Araignées, chenilles, rats, geckos, serpents, moustiques, tiques, babouins, pigeons…: Katya en fait son affaire. A sa manière à elle, humaine et alternative : dans son entreprise de dératisation-désinsectisation, elle n’éradique pas, elle délocalise. Ce n’est pas le job le plus banal pour une jeune femme d’une trentaine d’années mais rien dans Ninive, le dernier roman d’Henrietta Rose-Innes, ne l’est. Tout est insolite, intrigant, captivant. Tragique, drôle et poignant.

 

A commencer par Katya. Elle vit en Afrique du Sud, au Cap, seule dans une vieille maison qui se fissure. Son dernier boulot était facile : il a fallu débarrasser un arbre d’une colonie de chenilles qui l’emmaillotait littéralement de la tête au pied. Le suivant est d’une tout autre ampleur, il pourrait donner un coup de pouce à sa carrière et elle en a bien besoin. Elle doit se rendre à Ninive, un complexe résidentiel de luxe neuf mais inhabité. Et pour cause : il est infesté. Une infestation généralisée. Elle part pleine d’espoir.
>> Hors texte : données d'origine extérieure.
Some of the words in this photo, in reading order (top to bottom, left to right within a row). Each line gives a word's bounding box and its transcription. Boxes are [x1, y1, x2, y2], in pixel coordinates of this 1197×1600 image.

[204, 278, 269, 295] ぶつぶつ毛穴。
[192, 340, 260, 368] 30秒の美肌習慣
Une vie nouvelle va commencer.

Mais ce qu’elle découvre à Ninive est loin, très loin du confort et de la stabilité dont elle avait rêvé. Le lieu, comme le roman, a des profondeurs et des dimensions insoupçonnées et ce qu’elle y rencontre est son propre passé en la personne de son père, un être violent à son corps défendant, sauvage, indompté, qui n’a jamais plié devant le monde. Centrale, faite d’un étrange mélange de rudesse, de répugnance, d’admiration et de douceur, la relation entre eux deux n’est pourtant qu’un des fils qui se tissent sur la trame de Ninive. Peu à peu apparaît le tableau d’un monde qui s’effondre. Pour le calme et la volupté, il faudra repasser. Les promesses de Ninive non tenues, les illusions perdues et les mensonges dévoilés, comment faire pour trouver des repères, une place, dans un monde en mouvement permanent, voué à la destruction au désastre et au chaos généralisé ? Pour Henrietta Rose-Innes, il y a toujours l’humour.

 

L’auteure, qui vit au Cap, est aussi douée d’un extraordinaire sens de l’observation qu’elle applique aux humains, aux choses, aux plantes. Et à ces fameux insectes qu’on ne regardera plus jamais du même œil. On n’oubliera pas, au delà des murailles de la riche Ninive, la luxuriance de la nature, le paysage mouvant et fascinant des marécages, de ce vlei d’une exigeante beauté. Ni tous ceux qui, un peu plus loin, entre l’océan et les marais, tentent de survivre dans des baraques de bois et de tôles qui s’étendent pour finir par presque rejoindre d’autres baraques de bois et de tôles, qui s’étendent elles aussi, finissant par former presque une autre ville à côté de la ville en dur. Cette réalité sociale, très adroitement tissée dans la toile du roman, est bien plus que juste un arrière plan. Une fois refermé, on reste longtemps habité par ce relativement court roman, dense et intriqué. 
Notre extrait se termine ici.